Spatial localization data:
+-------+

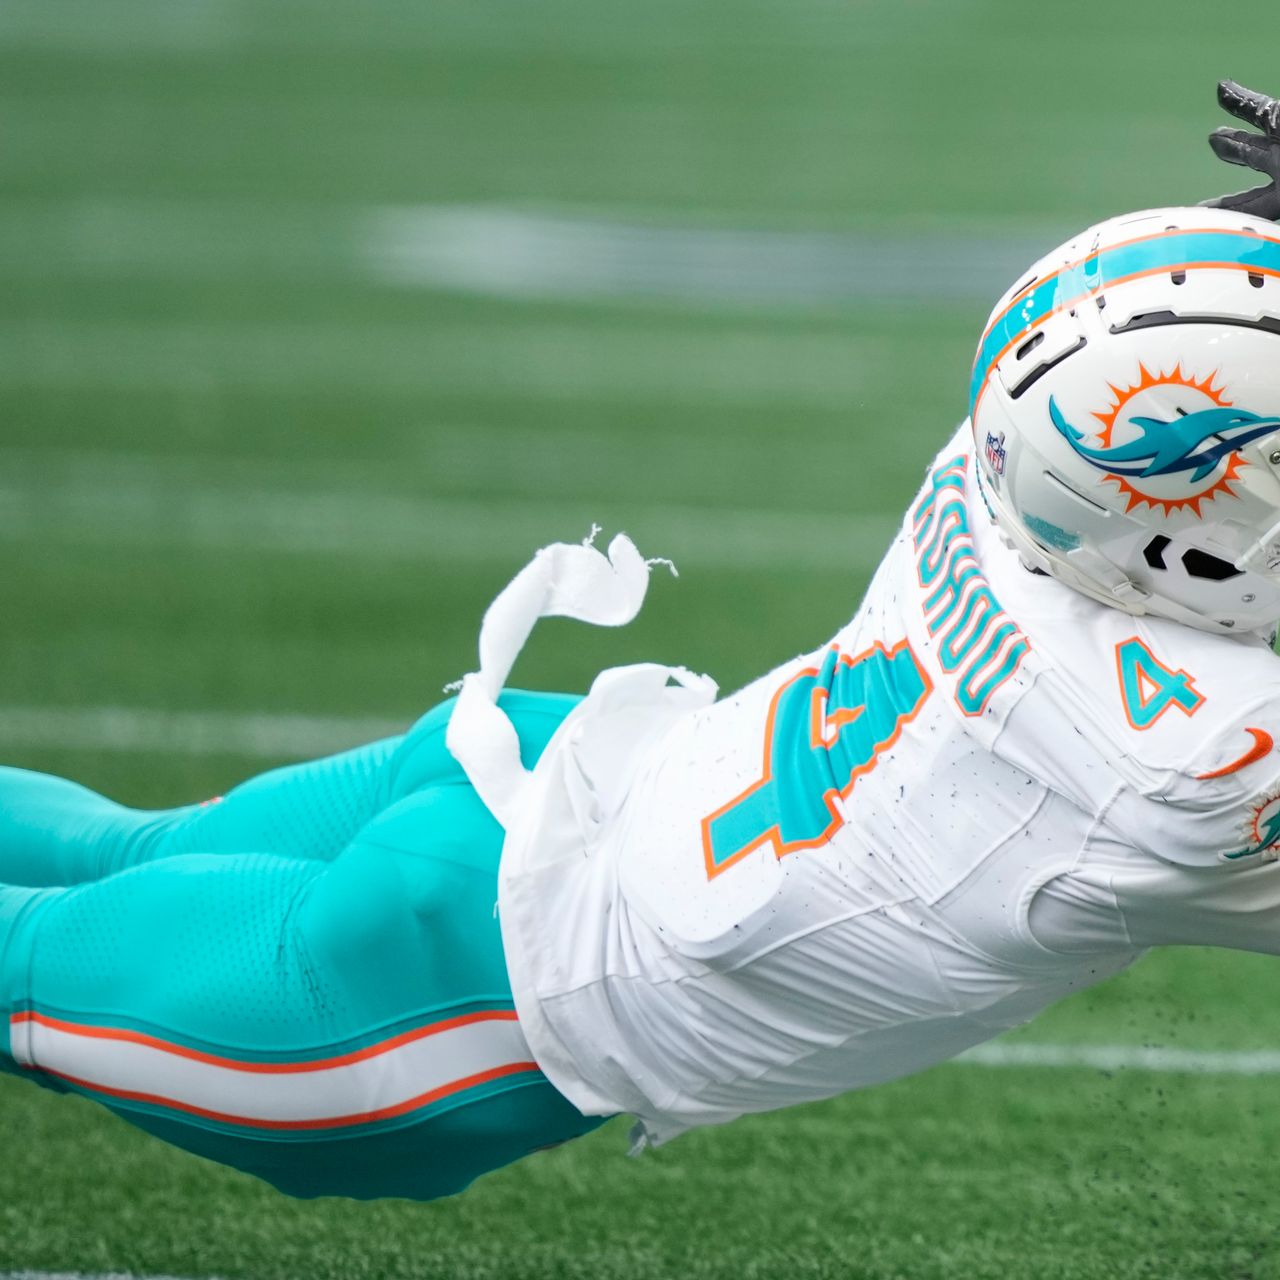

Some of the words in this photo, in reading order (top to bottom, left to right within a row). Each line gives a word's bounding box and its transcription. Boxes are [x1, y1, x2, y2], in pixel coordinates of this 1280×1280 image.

[913, 453, 1032, 717] KOHOU
[1114, 635, 1208, 731] 4
[701, 636, 935, 882] 4
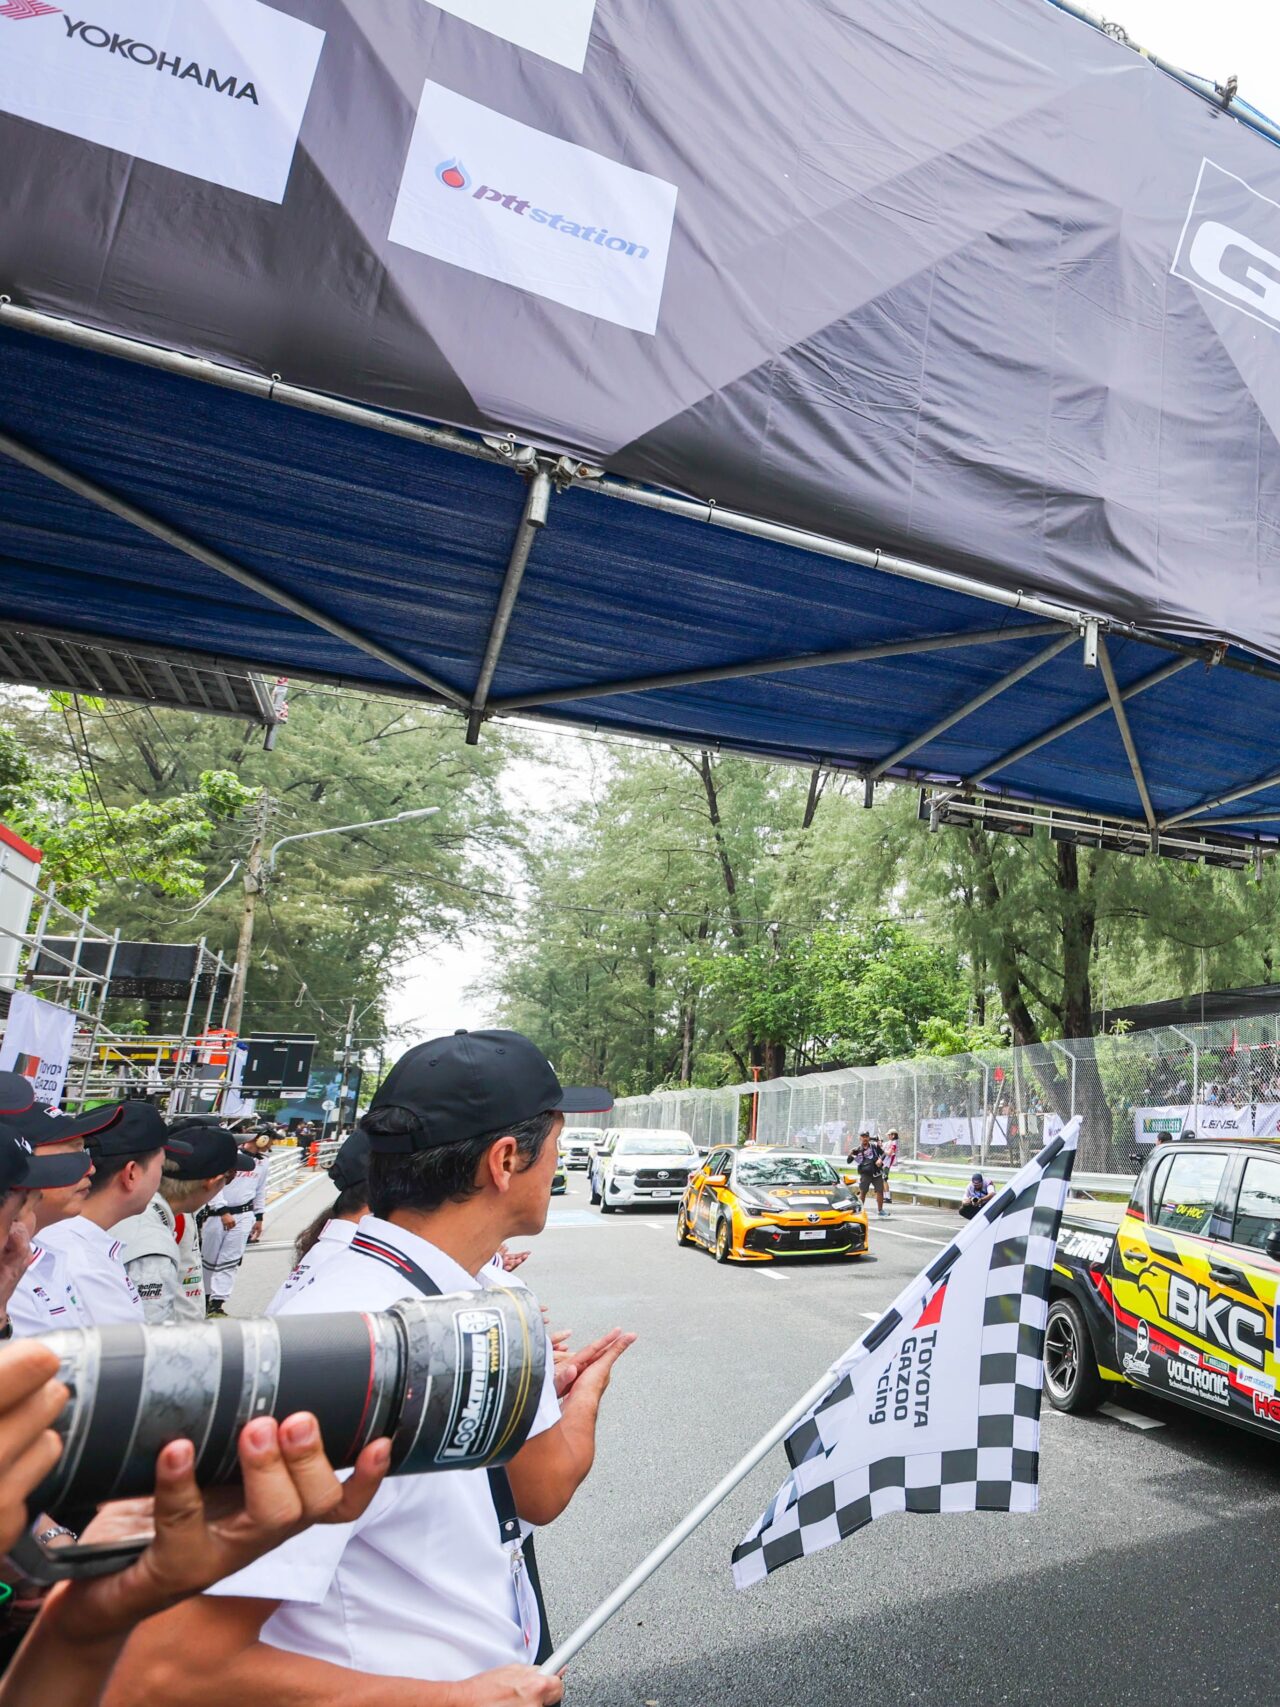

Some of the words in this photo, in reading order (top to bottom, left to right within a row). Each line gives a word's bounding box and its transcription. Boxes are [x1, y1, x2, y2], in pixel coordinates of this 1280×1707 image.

[61, 14, 260, 106] YOKOHAMA
[472, 183, 532, 218] ptt
[528, 202, 650, 261] station
[1168, 1275, 1267, 1367] BKC
[893, 1336, 918, 1421] GAZOO
[913, 1329, 938, 1428] TOYOTA
[1167, 1358, 1230, 1396] VOLTRONIC

+-------+

▶ **WORK REQUEST**:
Leave out the pictures and print every line of the data exactly.

▶ **RESULT**:
Some of the words in this photo, in reading order (top to bottom, left to right within a row). Each line gives a word's bounding box and its transcription. Boxes are [x1, y1, x2, y2], in pixel coordinates of this 1280×1280 image.

[913, 453, 1032, 717] KOHOU
[1114, 635, 1208, 731] 4
[701, 636, 935, 882] 4

Some of the words in this photo, in reading order (top to bottom, left to right within a row). Each line gives a word's bounding box and its transcription. Boxes are [x1, y1, x2, y2], in pixel coordinates of this 1280×1707 image.

[61, 14, 260, 106] YOKOHAMA
[472, 183, 532, 218] ptt
[528, 202, 650, 261] station
[1168, 1275, 1267, 1367] BKC
[893, 1336, 918, 1421] GAZOO
[913, 1329, 938, 1428] TOYOTA
[1167, 1358, 1230, 1396] VOLTRONIC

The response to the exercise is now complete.